Could you return all of the records exactly, minus their images?

(Saved data entries)
★ ★ ★
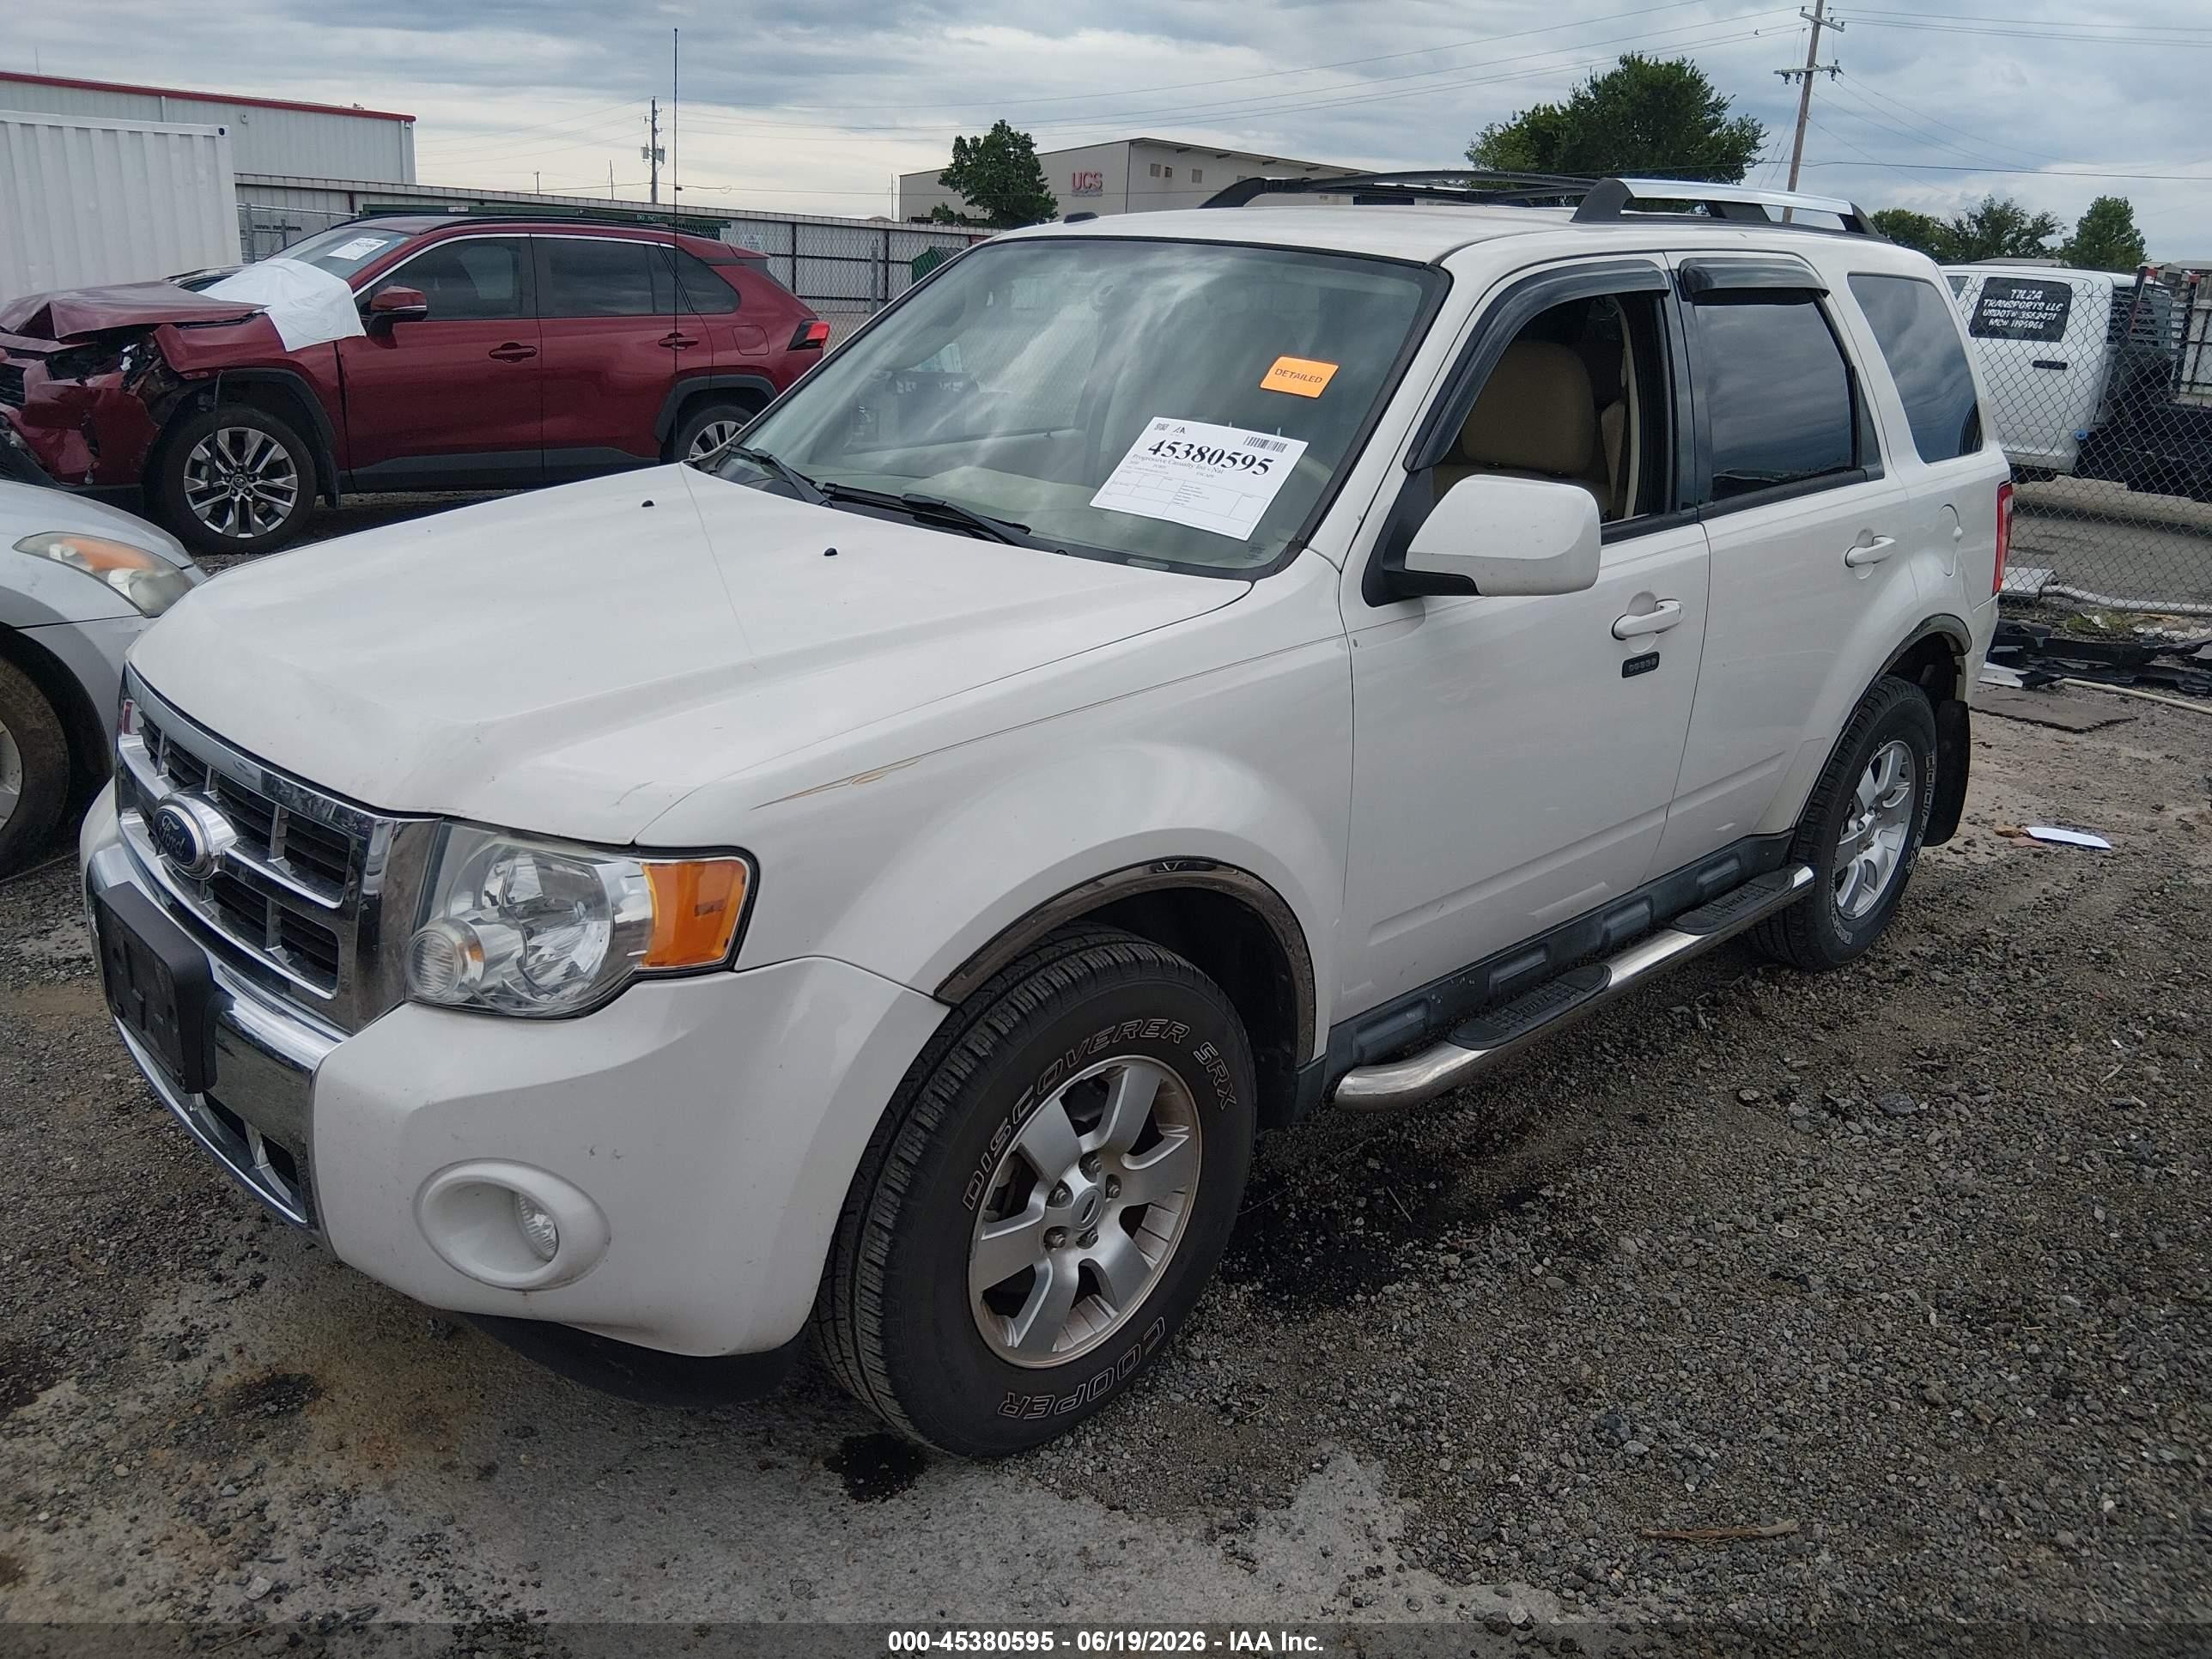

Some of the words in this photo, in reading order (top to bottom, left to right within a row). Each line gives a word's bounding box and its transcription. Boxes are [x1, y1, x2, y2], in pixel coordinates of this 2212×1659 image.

[1072, 171, 1103, 191] UCS
[2010, 289, 2044, 301] TILZA
[1983, 299, 2045, 310] TRANSPORTS
[2045, 302, 2064, 312] LLC
[1274, 368, 1323, 385] DETAILED
[1147, 439, 1274, 476] 45380595
[962, 1018, 1190, 1212] DISCOVERER
[1193, 1041, 1237, 1110] SRX
[997, 1316, 1165, 1420] COOPER
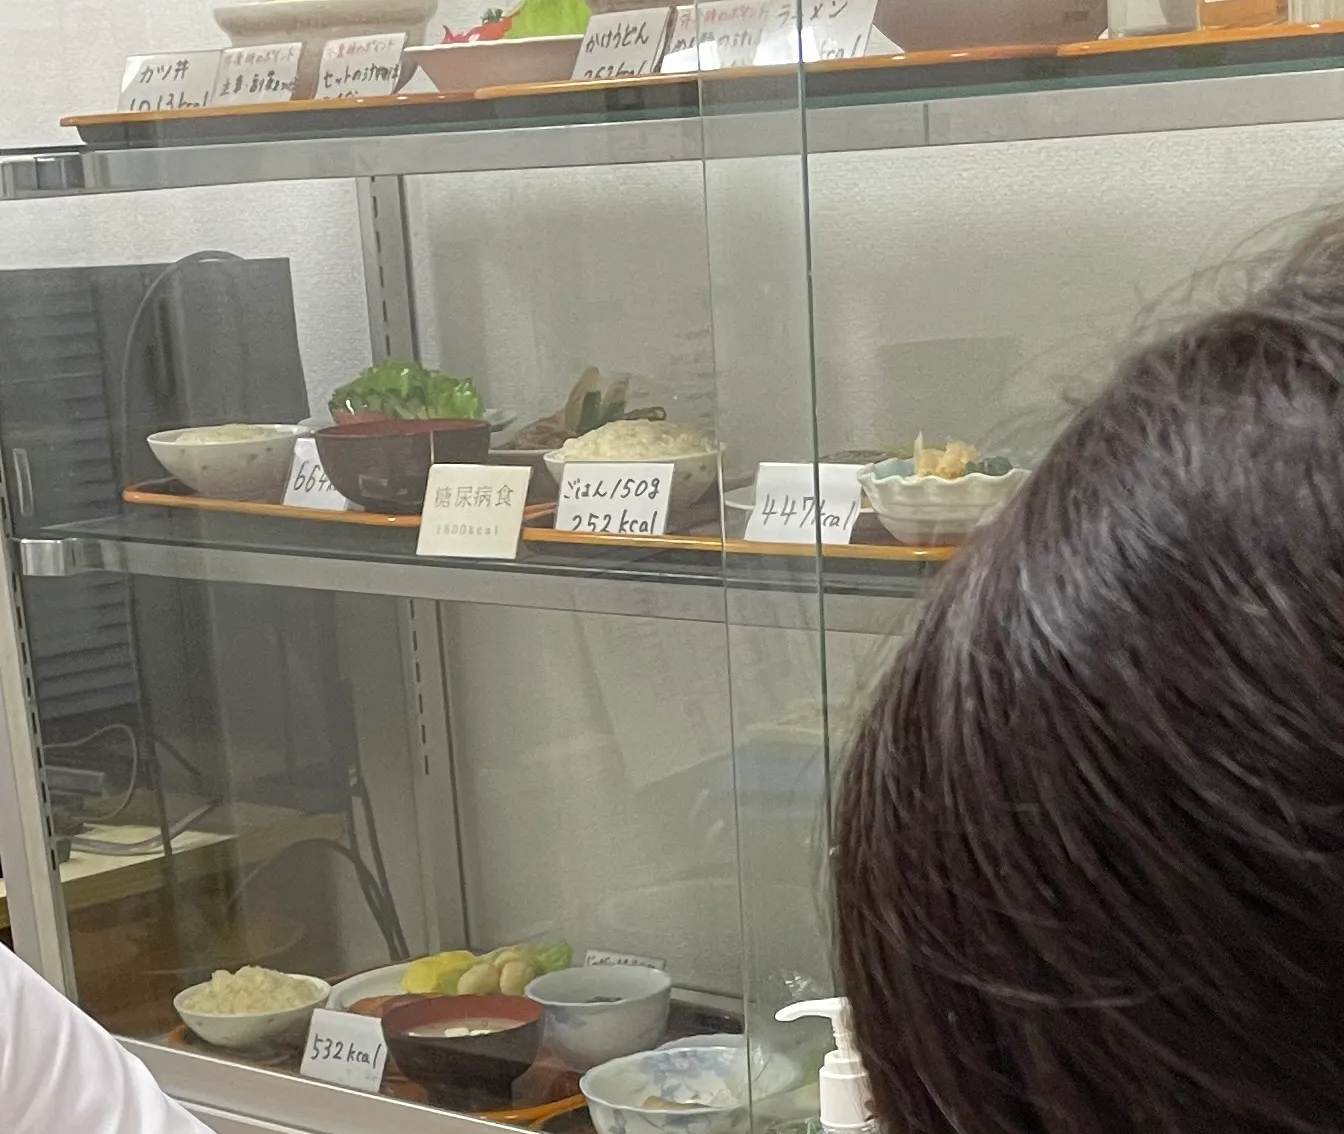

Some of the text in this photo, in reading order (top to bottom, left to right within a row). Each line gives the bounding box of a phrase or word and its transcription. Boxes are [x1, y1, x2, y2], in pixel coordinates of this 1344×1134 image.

[585, 22, 650, 53] かけうどん
[435, 484, 514, 509] 糖尿病食
[762, 493, 858, 532] 447kcal
[310, 1037, 384, 1068] 532kcal
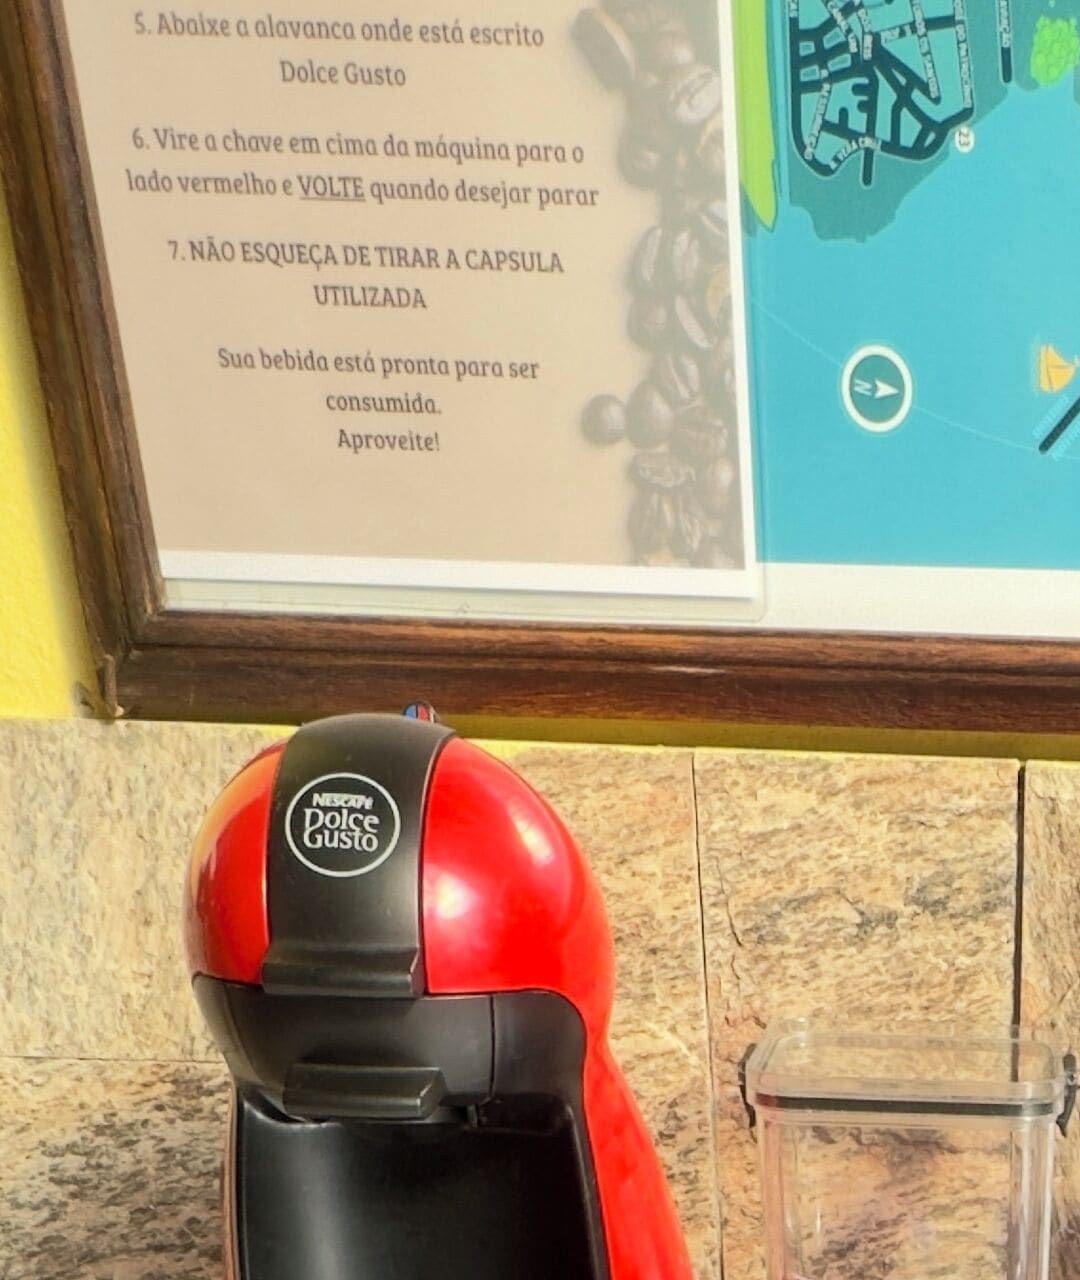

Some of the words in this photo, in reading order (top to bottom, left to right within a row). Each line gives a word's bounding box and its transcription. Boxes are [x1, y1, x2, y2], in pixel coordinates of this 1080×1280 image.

[135, 12, 151, 34] 5.
[157, 11, 230, 37] Abaixe
[236, 19, 249, 37] a
[255, 14, 356, 40] alavanca
[361, 18, 413, 42] onde
[419, 19, 464, 44] está
[470, 23, 544, 47] escrito
[279, 59, 338, 84] Dolce
[344, 62, 406, 86] Gusto
[132, 128, 149, 149] 6.
[153, 127, 199, 151] Vire
[205, 134, 218, 151] a
[222, 128, 283, 153] chave
[289, 137, 321, 154] em
[326, 133, 378, 156] cima
[383, 133, 410, 157] da
[414, 134, 510, 165] máquina
[515, 144, 567, 167] para
[572, 146, 584, 163] o
[125, 168, 173, 192] lado
[177, 172, 277, 196] vermelho
[282, 179, 293, 196] e
[296, 175, 366, 202] VOLTE
[370, 178, 449, 205] quando
[455, 179, 532, 209] desejar
[537, 188, 599, 210] parar
[167, 240, 185, 261] 7.
[188, 236, 235, 262] NÃO
[240, 241, 338, 271] ESQUEÇA
[342, 245, 371, 266] DE
[376, 246, 441, 268] TIRAR
[446, 249, 461, 270] A
[465, 249, 564, 273] CAPSULA
[313, 285, 427, 309] UTILIZADA
[218, 348, 256, 369] Sua
[259, 348, 329, 371] bebida
[334, 350, 375, 373] está
[381, 358, 450, 379] pronta
[454, 360, 504, 382] para
[509, 362, 540, 379] ser
[854, 379, 873, 395] N
[326, 392, 442, 414] consumida.
[338, 429, 440, 454] Aproveite!
[303, 808, 381, 834] Dolce
[303, 824, 380, 853] Gusto
★ ★ ★
_RESPONSE BELOW_.
Some of the words in this photo, in reading order (top to bottom, left to right within a row). Each line gives a word's bounding box and its transcription. Boxes are [x1, y1, x2, y2], in pixel coordinates of this 2212×1659 image.

[1072, 171, 1103, 191] UCS
[2010, 289, 2044, 301] TILZA
[1983, 299, 2045, 310] TRANSPORTS
[2045, 302, 2064, 312] LLC
[1274, 368, 1323, 385] DETAILED
[1147, 439, 1274, 476] 45380595
[962, 1018, 1190, 1212] DISCOVERER
[1193, 1041, 1237, 1110] SRX
[997, 1316, 1165, 1420] COOPER

Some of the text in this photo, in reading order (top to bottom, left to right within a row). Each line gives the bounding box of a phrase or word and its transcription. Boxes are [x1, y1, x2, y2], in pixel coordinates of this 1344×1134 image.

[585, 22, 650, 53] かけうどん
[435, 484, 514, 509] 糖尿病食
[762, 493, 858, 532] 447kcal
[310, 1037, 384, 1068] 532kcal

Some of the words in this photo, in reading order (top to bottom, left to right within a row). Each line gives a word's bounding box and its transcription. Boxes are [x1, y1, x2, y2], in pixel coordinates of this 1080×1280 image.

[135, 12, 151, 34] 5.
[157, 11, 230, 37] Abaixe
[236, 19, 249, 37] a
[255, 14, 356, 40] alavanca
[361, 18, 413, 42] onde
[419, 19, 464, 44] está
[470, 23, 544, 47] escrito
[279, 59, 338, 84] Dolce
[344, 62, 406, 86] Gusto
[132, 128, 149, 149] 6.
[153, 127, 199, 151] Vire
[205, 134, 218, 151] a
[222, 128, 283, 153] chave
[289, 137, 321, 154] em
[326, 133, 378, 156] cima
[383, 133, 410, 157] da
[414, 134, 510, 165] máquina
[515, 144, 567, 167] para
[572, 146, 584, 163] o
[125, 168, 173, 192] lado
[177, 172, 277, 196] vermelho
[282, 179, 293, 196] e
[296, 175, 366, 202] VOLTE
[370, 178, 449, 205] quando
[455, 179, 532, 209] desejar
[537, 188, 599, 210] parar
[167, 240, 185, 261] 7.
[188, 236, 235, 262] NÃO
[240, 241, 338, 271] ESQUEÇA
[342, 245, 371, 266] DE
[376, 246, 441, 268] TIRAR
[446, 249, 461, 270] A
[465, 249, 564, 273] CAPSULA
[313, 285, 427, 309] UTILIZADA
[218, 348, 256, 369] Sua
[259, 348, 329, 371] bebida
[334, 350, 375, 373] está
[381, 358, 450, 379] pronta
[454, 360, 504, 382] para
[509, 362, 540, 379] ser
[854, 379, 873, 395] N
[326, 392, 442, 414] consumida.
[338, 429, 440, 454] Aproveite!
[303, 808, 381, 834] Dolce
[303, 824, 380, 853] Gusto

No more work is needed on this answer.